### Given data
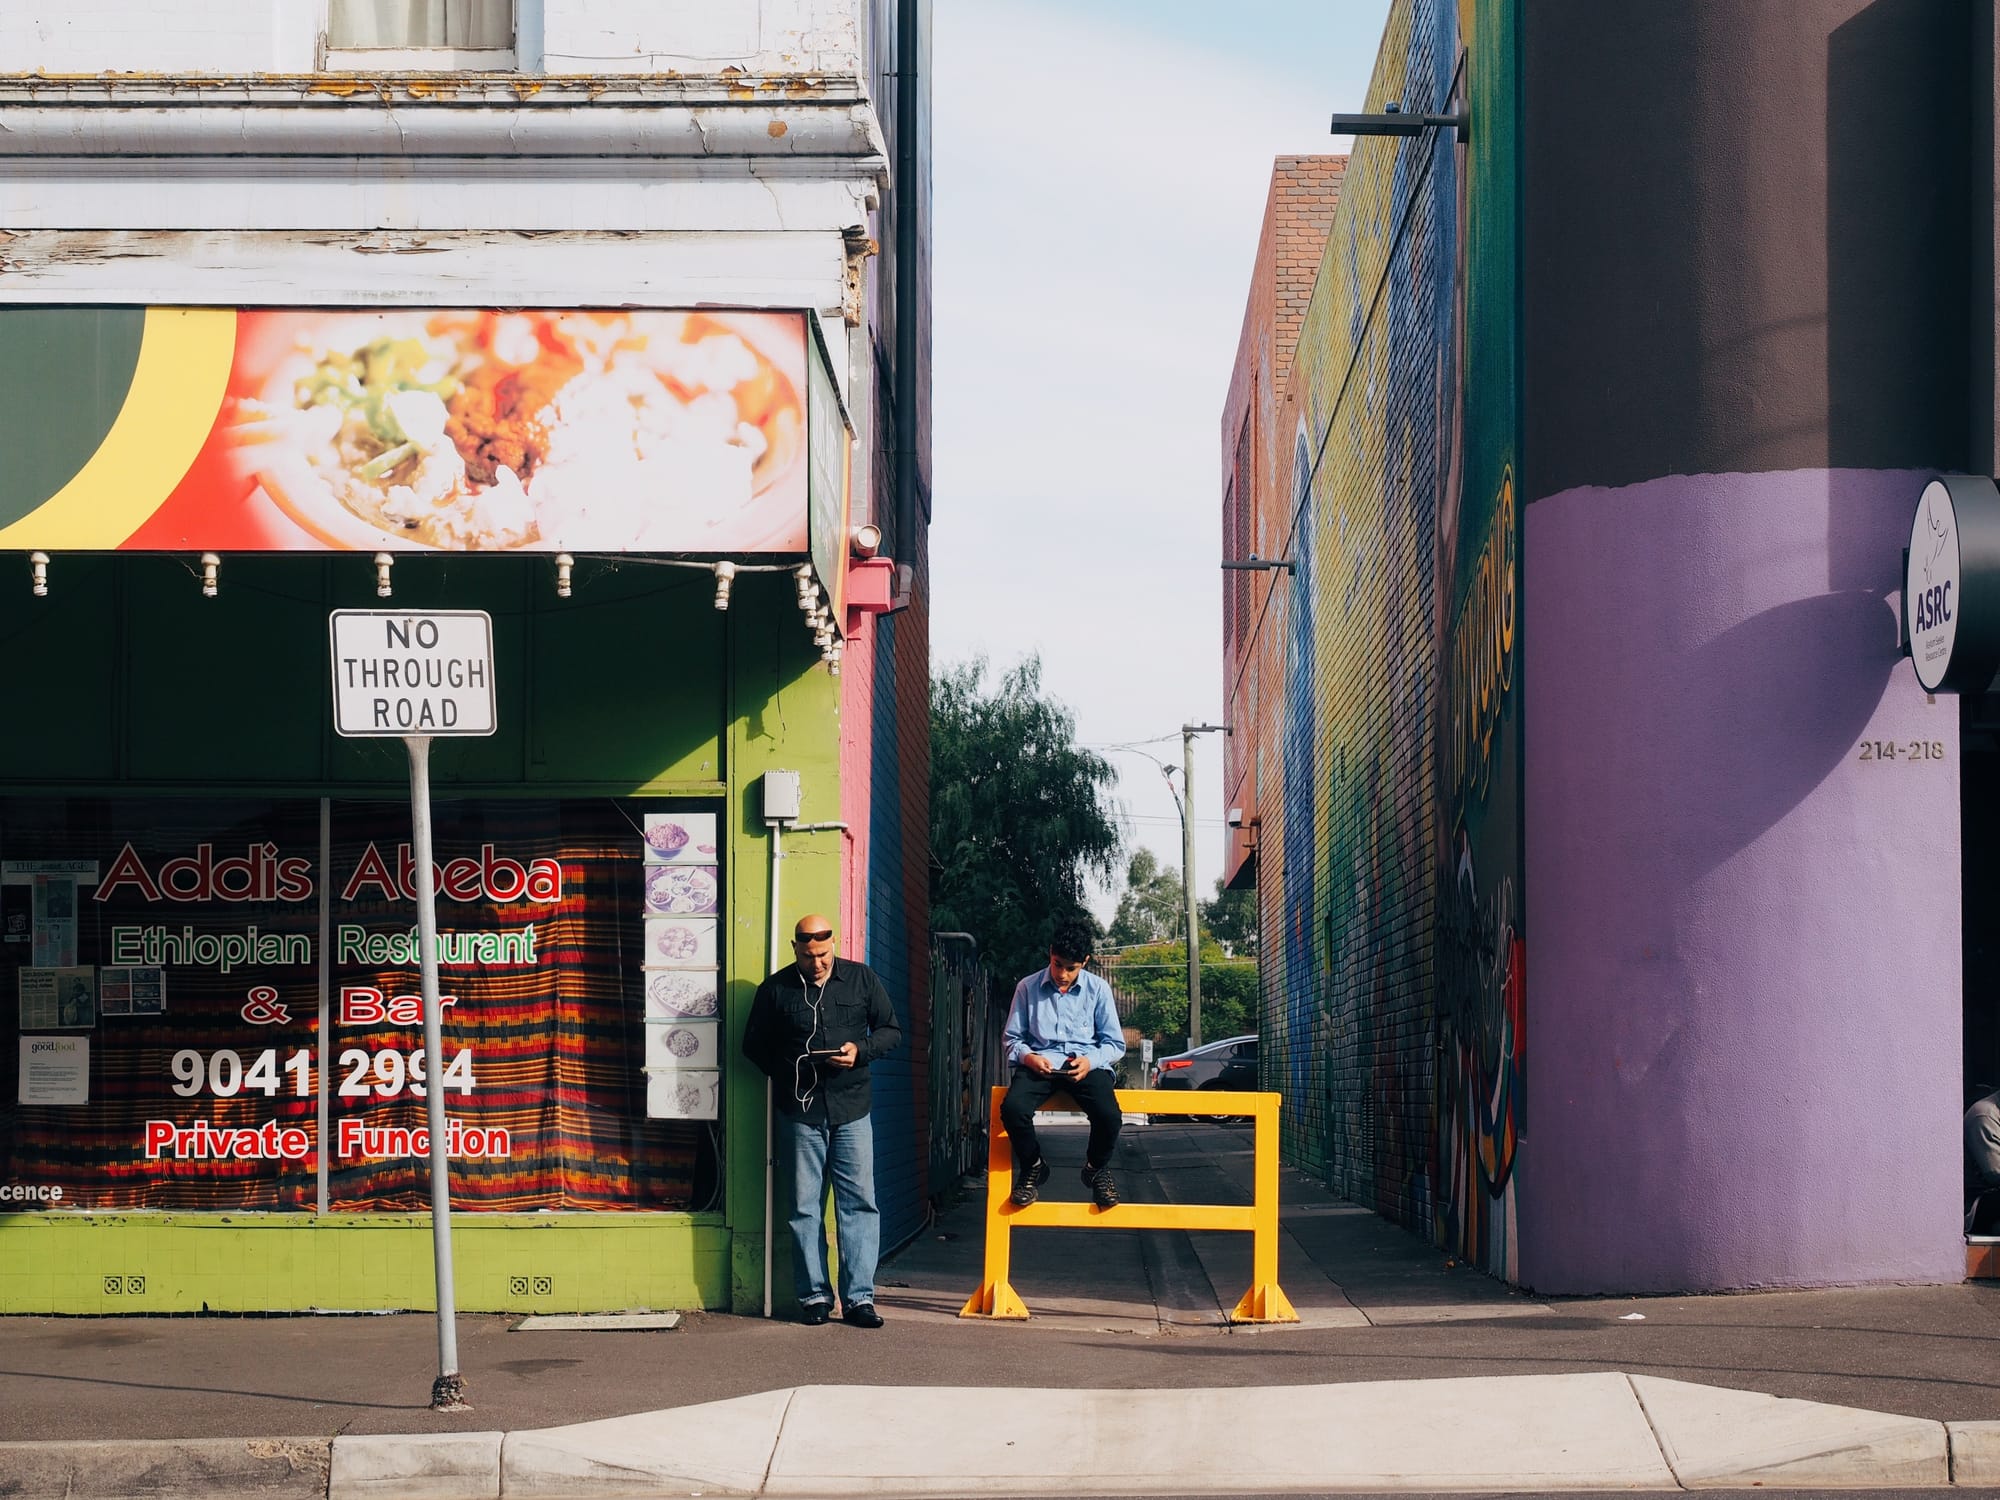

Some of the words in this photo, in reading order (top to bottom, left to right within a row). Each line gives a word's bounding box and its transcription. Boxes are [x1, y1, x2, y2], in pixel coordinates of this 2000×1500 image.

[1915, 580, 1951, 634] ASRC
[386, 619, 439, 649] NO
[343, 658, 485, 688] THROUGH
[373, 698, 458, 728] ROAD
[1859, 740, 1944, 760] 214-218
[93, 841, 313, 902] Addis
[341, 841, 562, 902] Abeba
[111, 925, 311, 974] Ethiopian
[241, 986, 293, 1025] &
[171, 1049, 310, 1098] 9041
[145, 1119, 309, 1160] Private
[337, 1118, 511, 1158] Funcion
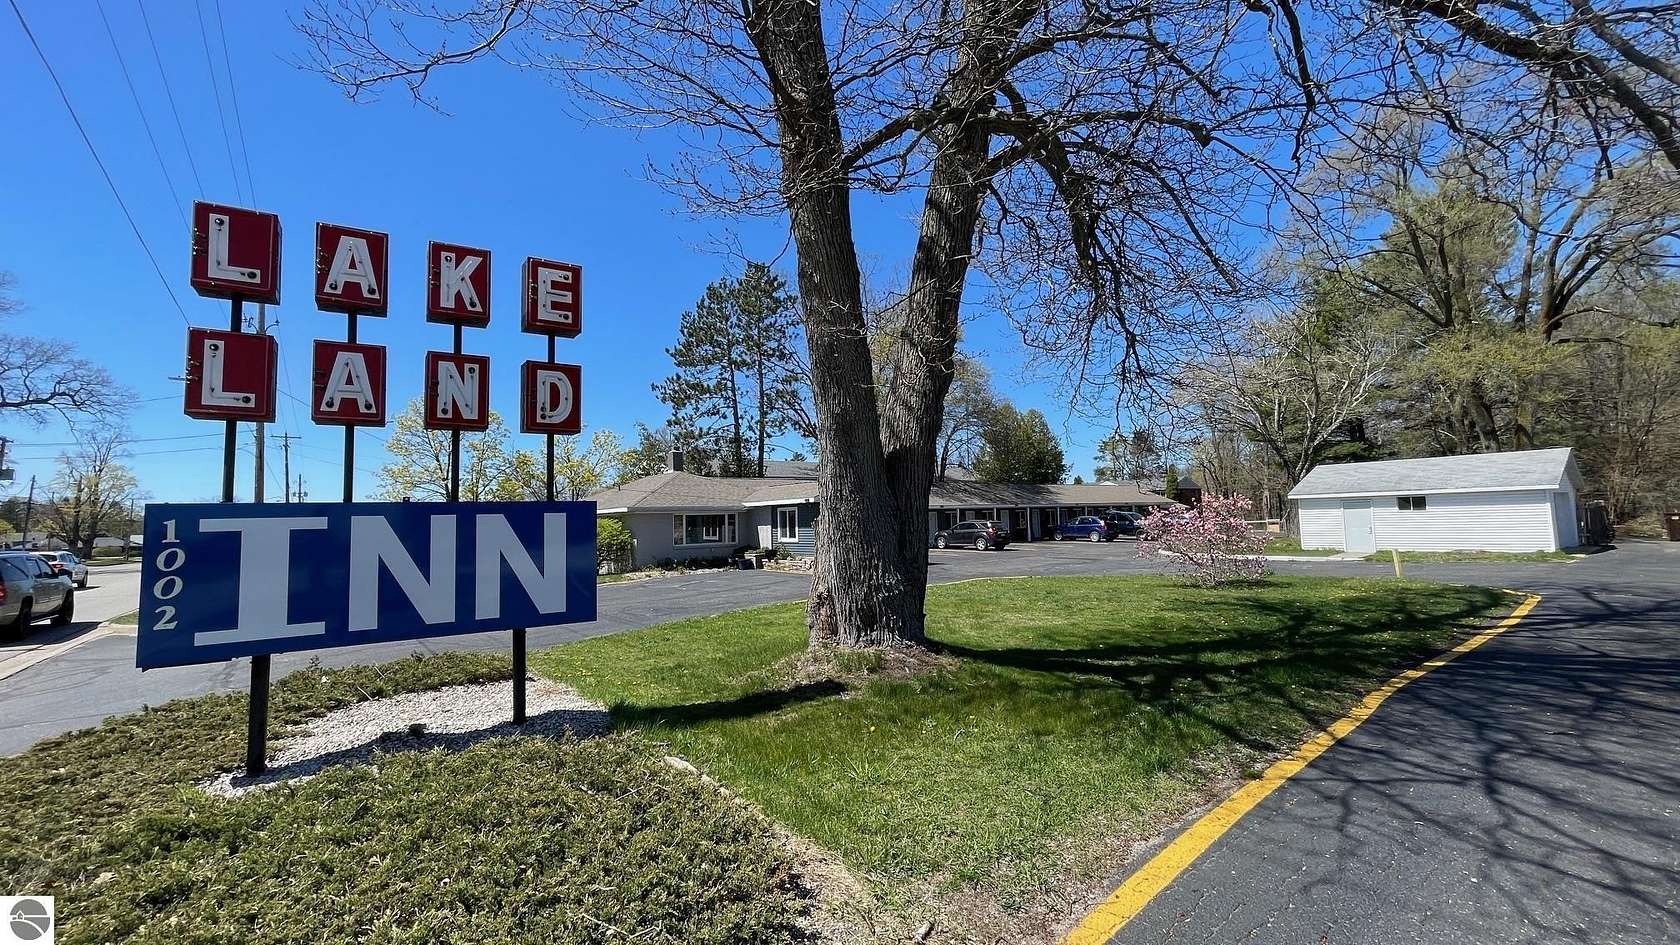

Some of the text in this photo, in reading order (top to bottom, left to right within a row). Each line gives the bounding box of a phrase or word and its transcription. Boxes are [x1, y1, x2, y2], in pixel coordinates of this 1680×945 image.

[208, 213, 572, 324] LAKE
[201, 339, 573, 424] LAND
[153, 519, 186, 631] 1002
[194, 512, 567, 647] INN

### Your task
Without the pictures, print all of the records exactly.

### Task response
Some of the words in this photo, in reading order (top to bottom, left to right within a row). Each line gives a word's bounding box and its transcription. Boxes are [x1, y1, x2, y2], in pixel coordinates of this 2000×1500 image.

[1915, 580, 1951, 634] ASRC
[386, 619, 439, 649] NO
[343, 658, 485, 688] THROUGH
[373, 698, 458, 728] ROAD
[1859, 740, 1944, 760] 214-218
[93, 841, 313, 902] Addis
[341, 841, 562, 902] Abeba
[111, 925, 311, 974] Ethiopian
[241, 986, 293, 1025] &
[171, 1049, 310, 1098] 9041
[145, 1119, 309, 1160] Private
[337, 1118, 511, 1158] Funcion

Some of the text in this photo, in reading order (top to bottom, left to right within a row). Each line gives the bounding box of a phrase or word and its transcription. Boxes are [x1, y1, x2, y2], in pixel coordinates of this 1680×945 image.

[208, 213, 572, 324] LAKE
[201, 339, 573, 424] LAND
[153, 519, 186, 631] 1002
[194, 512, 567, 647] INN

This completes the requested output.